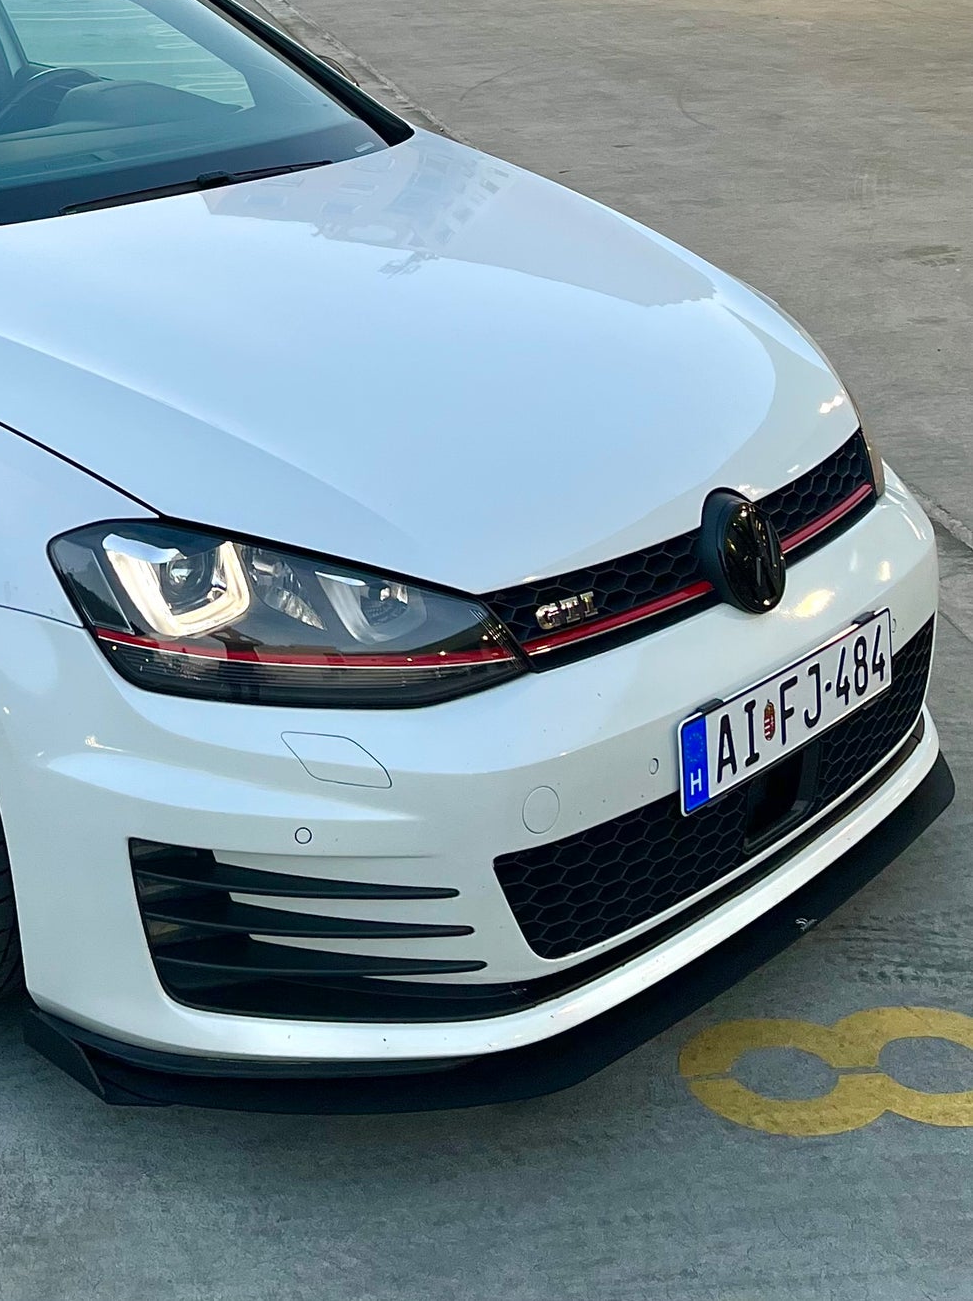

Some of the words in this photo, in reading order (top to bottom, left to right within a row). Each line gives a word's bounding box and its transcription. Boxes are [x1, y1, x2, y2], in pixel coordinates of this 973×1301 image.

[535, 591, 598, 630] GTI
[717, 699, 760, 784] AI
[780, 625, 886, 746] FJ-484
[690, 768, 703, 796] H

______

## WHAT YOU ARE ASKED TO DO
Each line of the data must be restated exactly, and the pictures must be left out.

## EXERCISE RESPONSE
Some of the words in this photo, in reading order (top to bottom, left to right within a row). Each line gives a word's bounding box and its transcription. Boxes are [x1, y1, x2, y2], in pixel coordinates of this 973×1301 image.

[535, 591, 598, 630] GTI
[717, 699, 760, 784] AI
[780, 625, 886, 746] FJ-484
[690, 768, 703, 796] H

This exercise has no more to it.